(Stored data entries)
------------

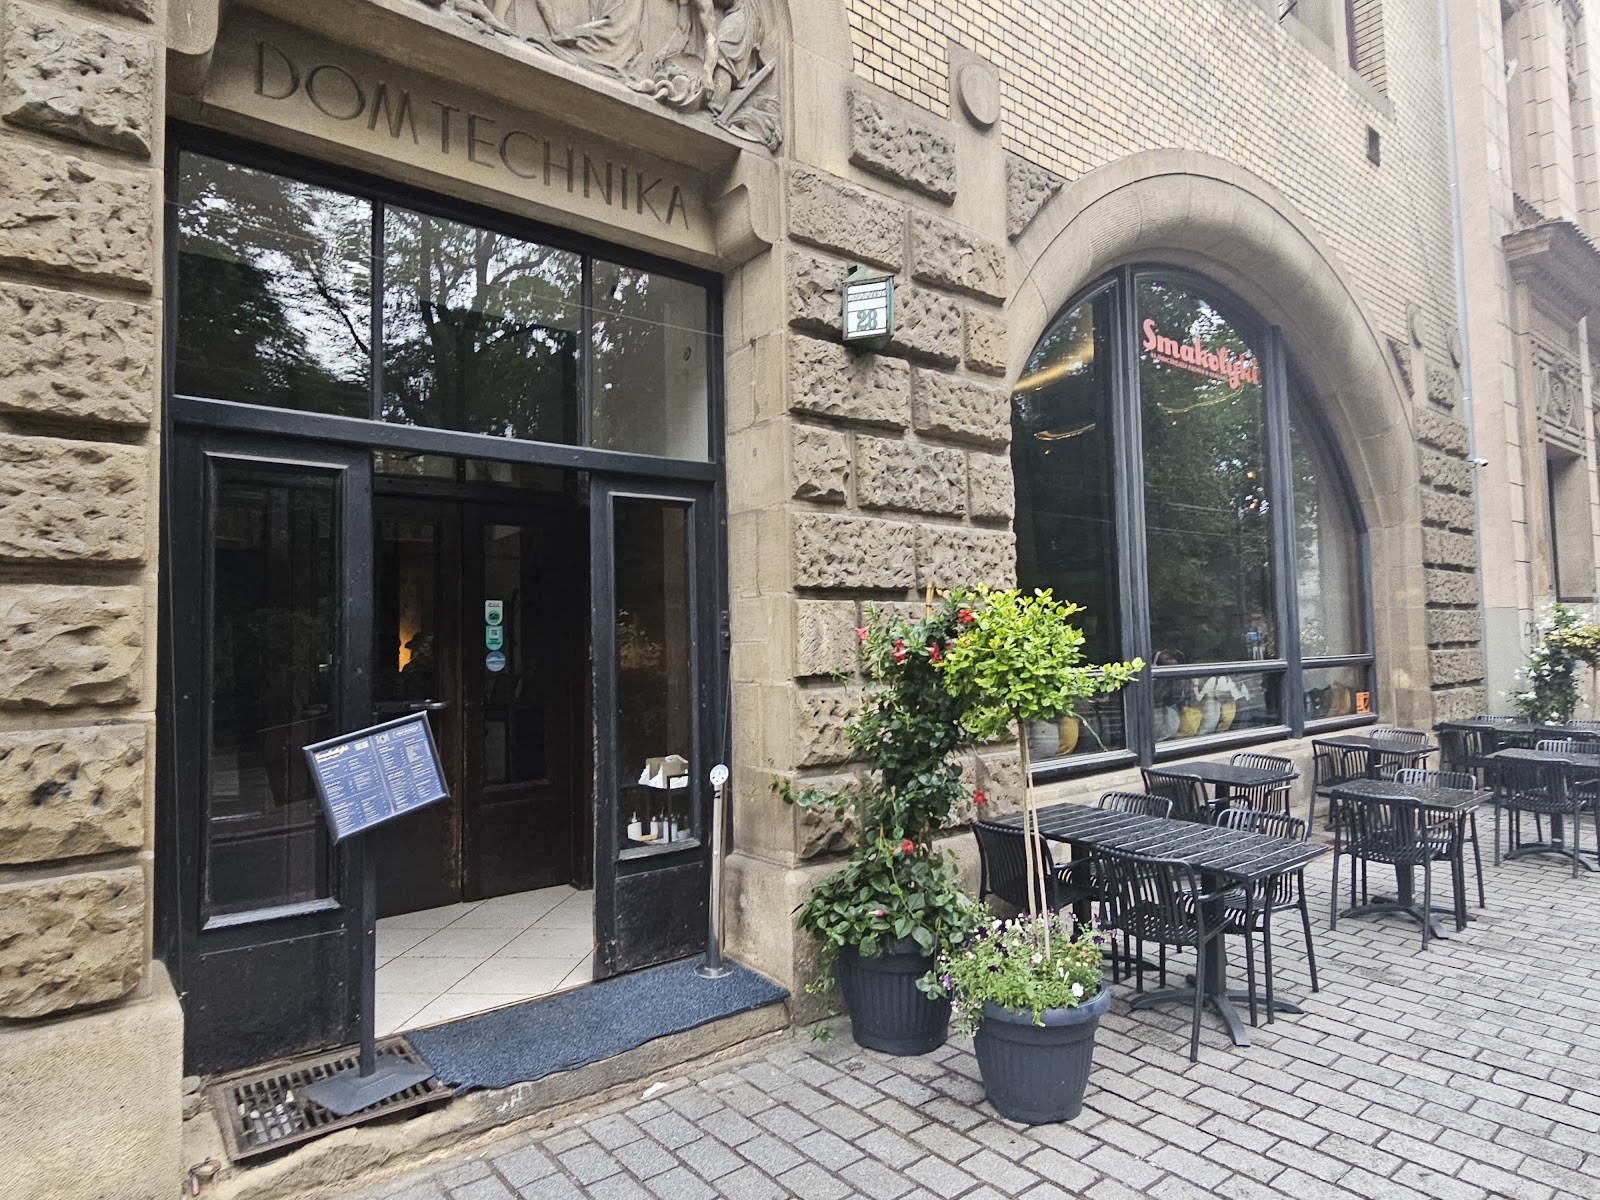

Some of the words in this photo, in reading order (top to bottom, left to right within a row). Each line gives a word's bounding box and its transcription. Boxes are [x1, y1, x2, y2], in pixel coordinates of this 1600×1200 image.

[254, 40, 419, 145] DOM
[431, 99, 690, 230] TECHNIKA
[856, 308, 878, 332] 28
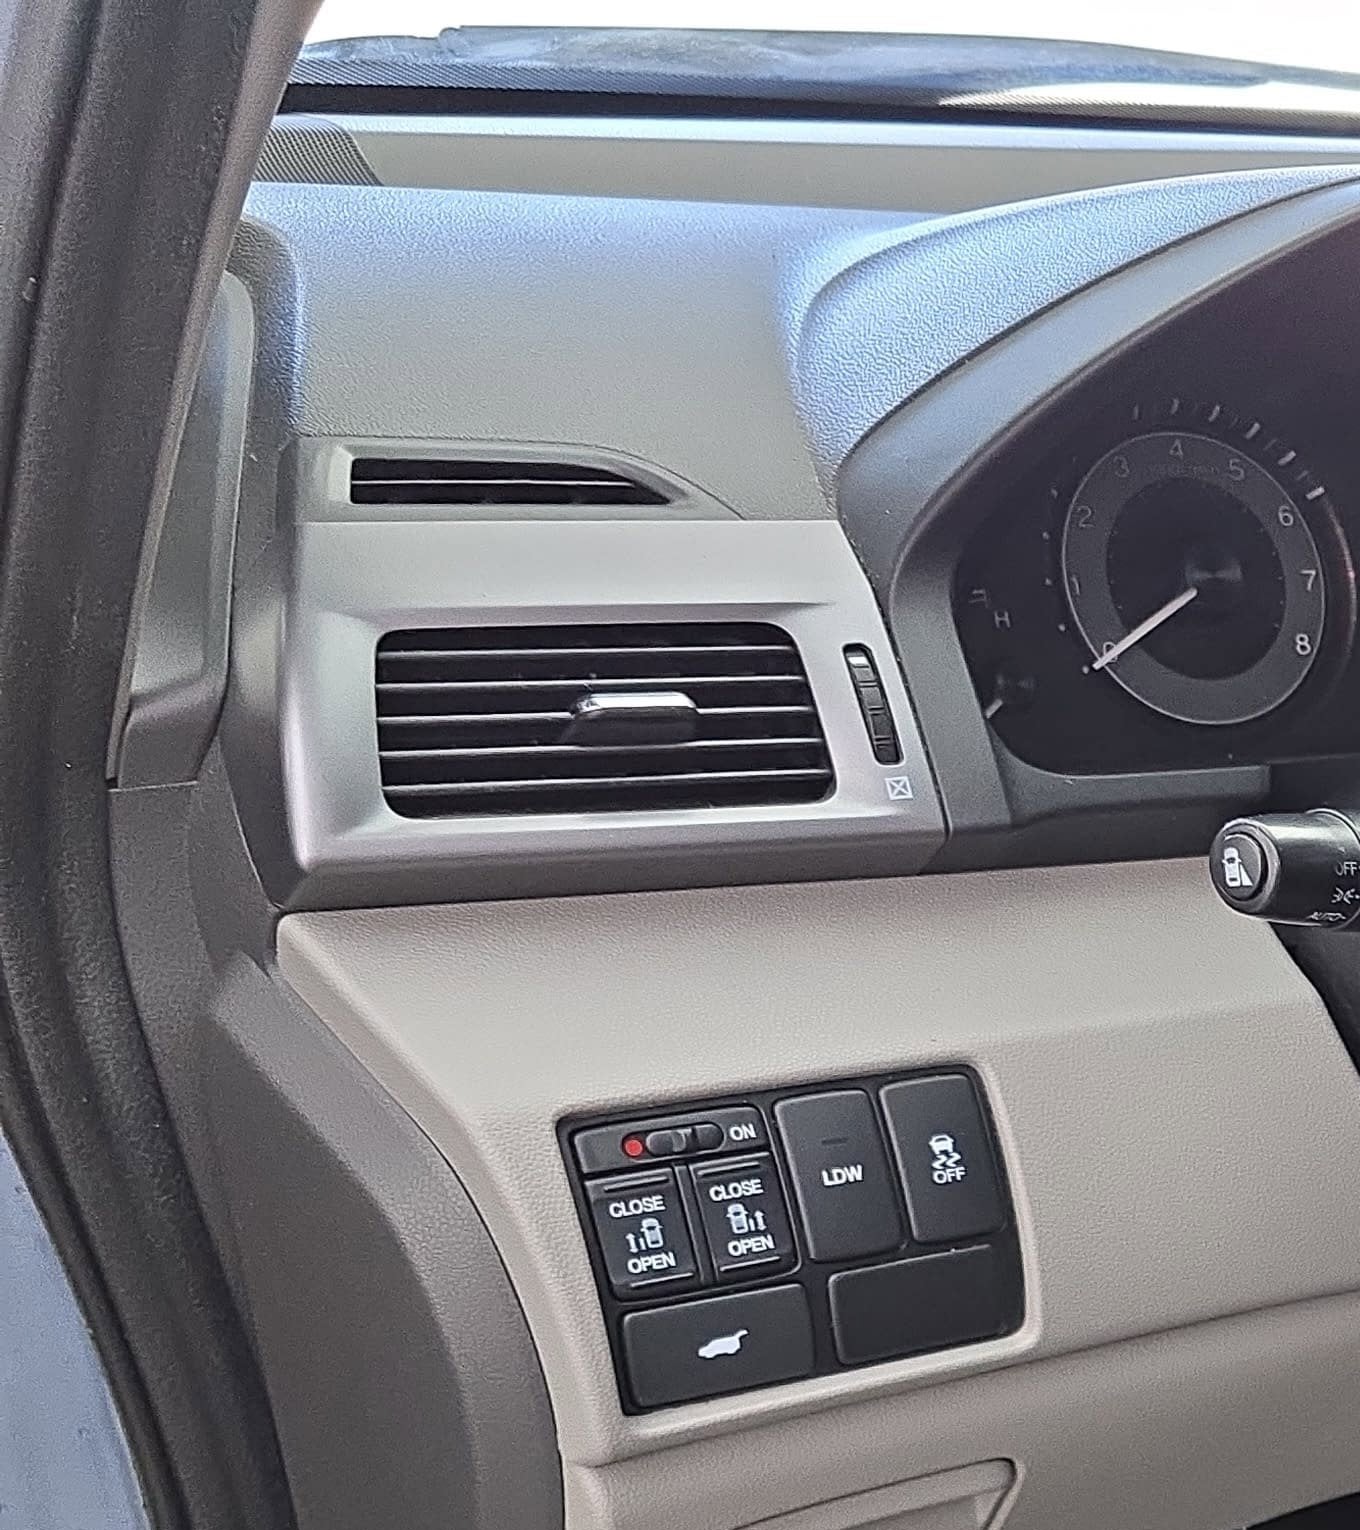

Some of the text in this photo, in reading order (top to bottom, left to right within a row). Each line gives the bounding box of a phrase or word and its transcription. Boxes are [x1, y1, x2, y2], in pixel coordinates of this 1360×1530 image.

------------

» DESCRIPTION OF THE TASK
Copy out each line of the data exactly as it reads; skip the pictures.

» RESPONSE
Some of the words in this photo, in reading order (top to bottom, left to right within a row). Each line gives a word's bounding box and its transcription. Boxes are [x1, y1, x2, y2], in pixel coordinates of this 1600×1200 image.

[254, 40, 419, 145] DOM
[431, 99, 690, 230] TECHNIKA
[856, 308, 878, 332] 28

Some of the text in this photo, in reading order (top to bottom, left to right within a row). Each line gives the bounding box of a phrase or word and its transcription. Boxes are [x1, y1, x2, y2], in pixel coordinates of this 1360×1530 image.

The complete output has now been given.